#### WHAT IS REQUIRED
Return the records word for word. Pictures do not belong in the copy.
===== PROVIDED DATA =====
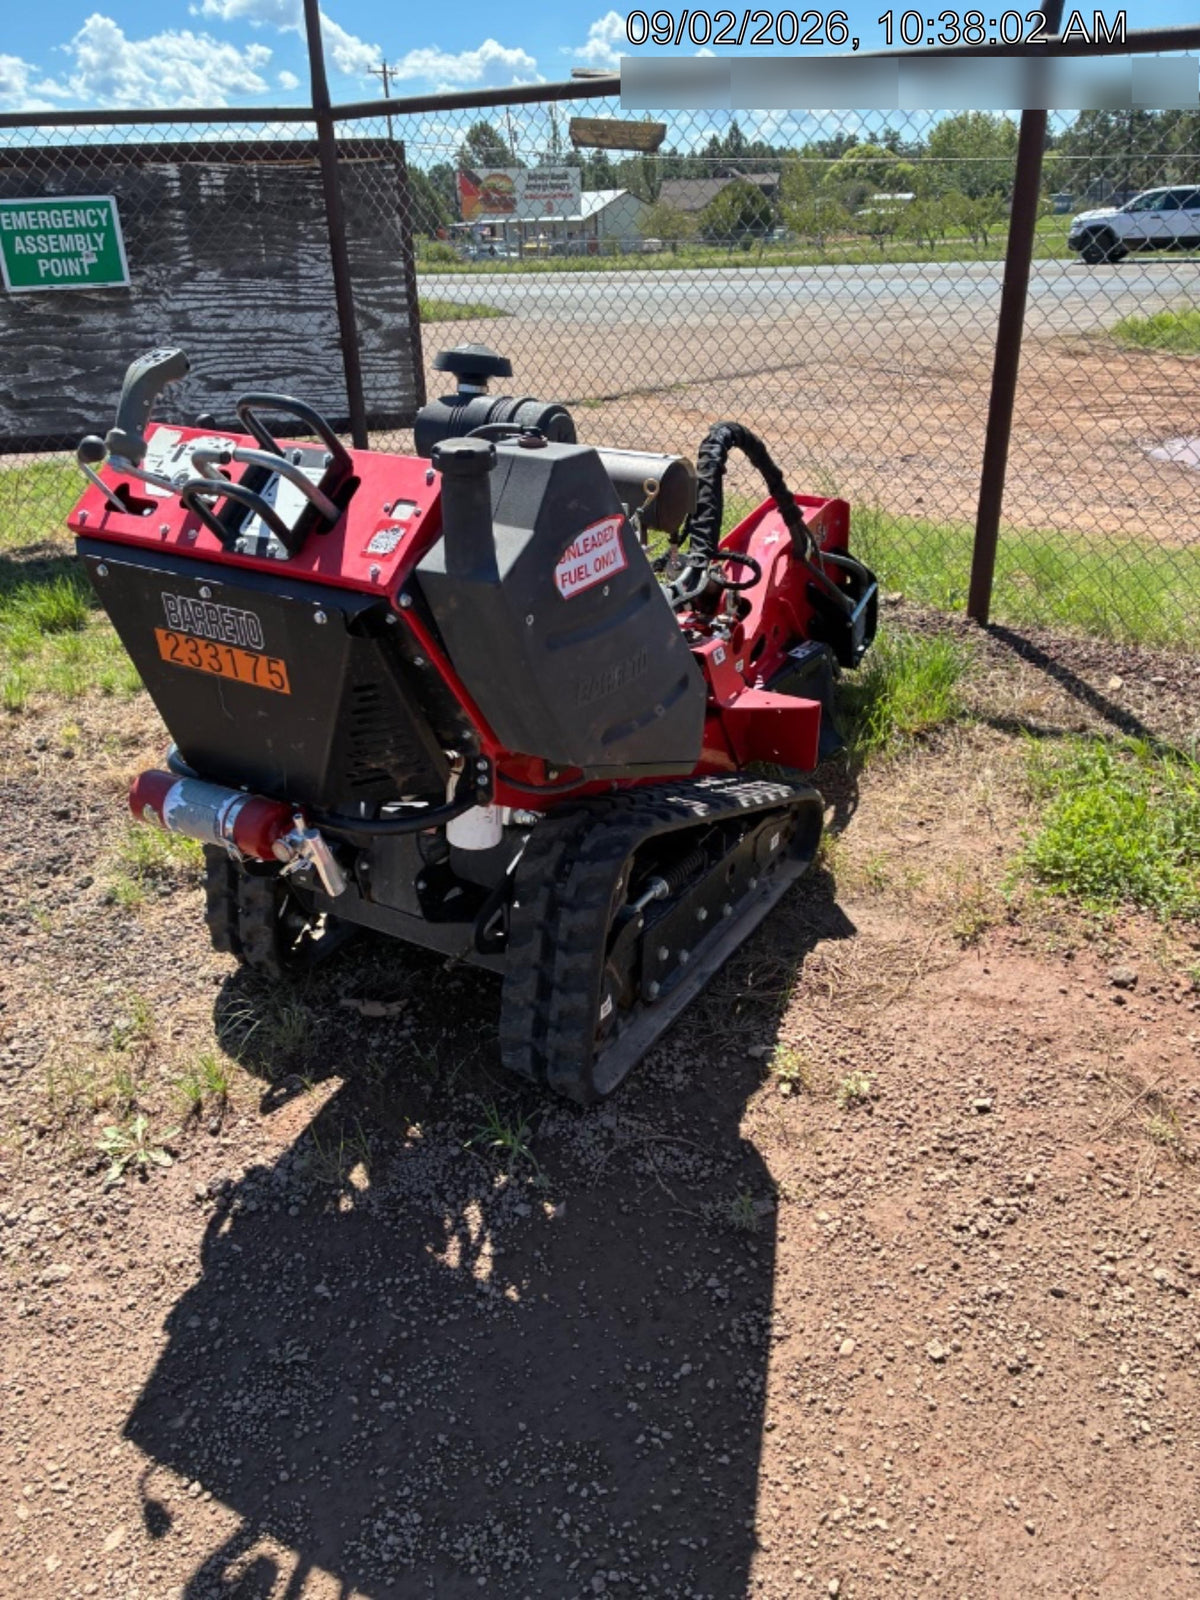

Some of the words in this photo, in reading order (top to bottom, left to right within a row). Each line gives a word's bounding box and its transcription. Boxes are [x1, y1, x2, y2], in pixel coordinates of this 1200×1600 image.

[0, 208, 108, 230] EMERGENCY
[14, 232, 105, 254] ASSEMBLY
[38, 256, 94, 278] POINT
[560, 563, 592, 589] FUEL
[593, 547, 618, 573] ONLY
[161, 592, 265, 650] BARRETO
[165, 632, 286, 690] 233175
=====
#### SOLVED PROBLEM
Some of the words in this photo, in reading order (top to bottom, left to right within a row). Each line gives a word's bounding box and its transcription. Boxes are [x1, y1, x2, y2], in pixel coordinates of this 1200×1600 image.

[0, 208, 108, 230] EMERGENCY
[14, 232, 105, 254] ASSEMBLY
[38, 256, 94, 278] POINT
[560, 563, 592, 589] FUEL
[593, 547, 618, 573] ONLY
[161, 592, 265, 650] BARRETO
[165, 632, 286, 690] 233175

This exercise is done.